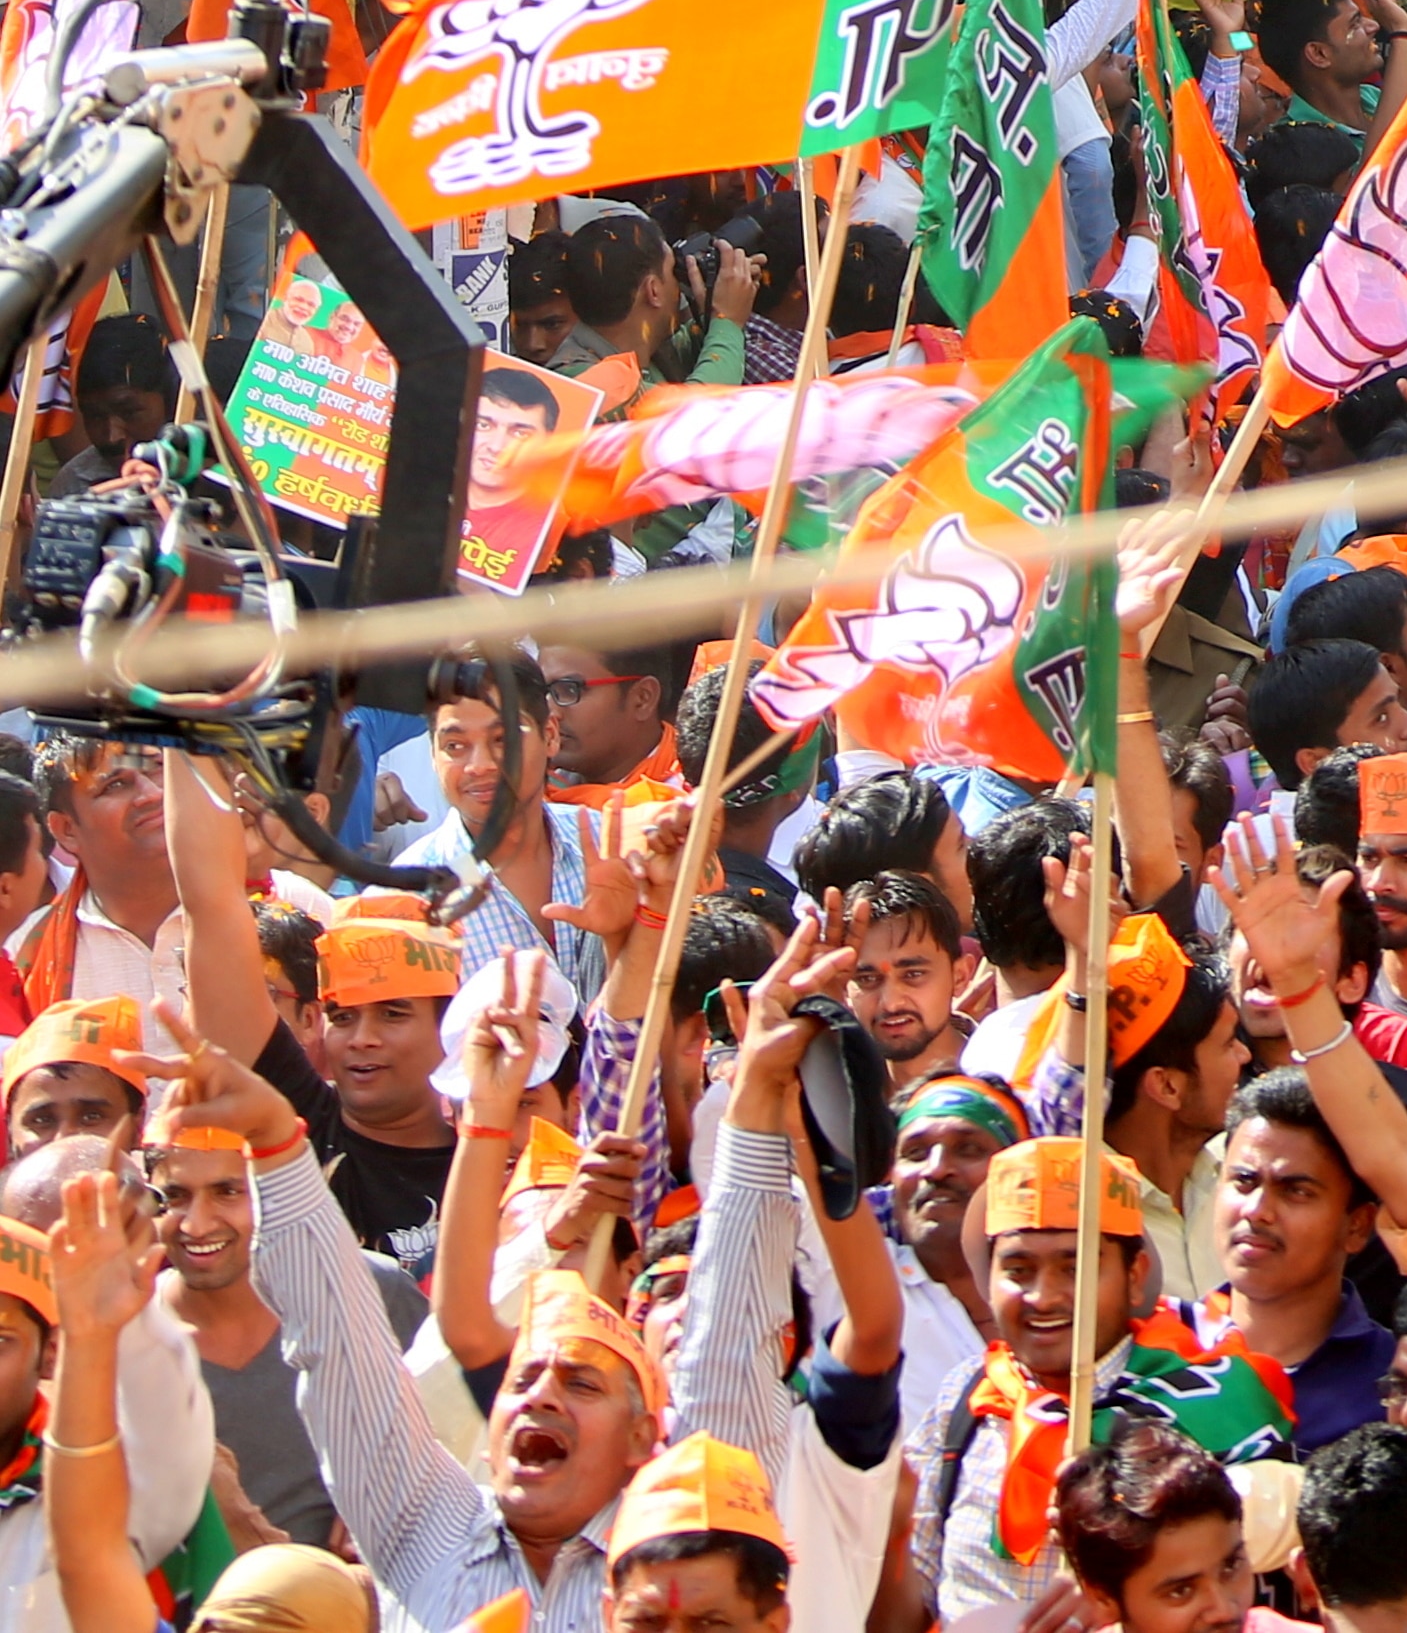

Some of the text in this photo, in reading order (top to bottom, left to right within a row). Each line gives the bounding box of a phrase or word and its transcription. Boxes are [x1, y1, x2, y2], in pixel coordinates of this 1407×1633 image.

[454, 255, 498, 304] BANK
[278, 369, 318, 400] केशव
[317, 386, 357, 415] प्रसाद
[296, 352, 352, 385] अमित
[352, 374, 390, 402] शाह
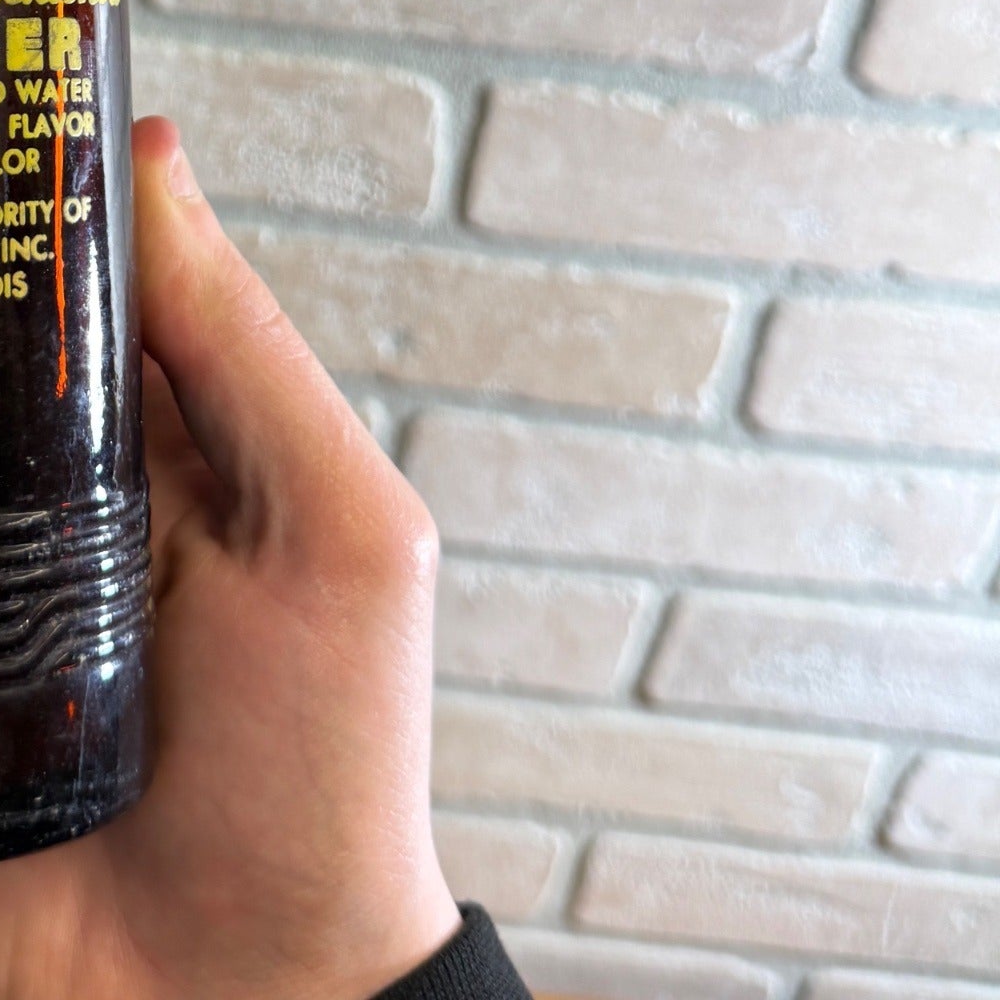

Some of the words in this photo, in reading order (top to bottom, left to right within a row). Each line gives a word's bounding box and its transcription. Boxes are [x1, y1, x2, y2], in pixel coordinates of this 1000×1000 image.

[15, 78, 93, 104] WATER
[9, 111, 96, 140] FLAVOR
[63, 196, 92, 224] OF
[1, 234, 55, 263] INC.

****************

### What the exercise asks
Drop the pictures and set down the data above exactly.

### Answer to the problem
Some of the text in this photo, in reading order (top to bottom, left to right within a row). Each line gives the bounding box of a phrase or word and its transcription. Boxes are [x1, y1, x2, y2], in pixel coordinates of this 1407×1633 image.

[454, 255, 498, 304] BANK
[278, 369, 318, 400] केशव
[317, 386, 357, 415] प्रसाद
[296, 352, 352, 385] अमित
[352, 374, 390, 402] शाह

Some of the words in this photo, in reading order (top to bottom, left to right within a row). Each line gives a word's bounding box and its transcription. Boxes are [x1, y1, x2, y2], in pixel coordinates of this 1000×1000 image.

[15, 78, 93, 104] WATER
[9, 111, 96, 140] FLAVOR
[63, 196, 92, 224] OF
[1, 234, 55, 263] INC.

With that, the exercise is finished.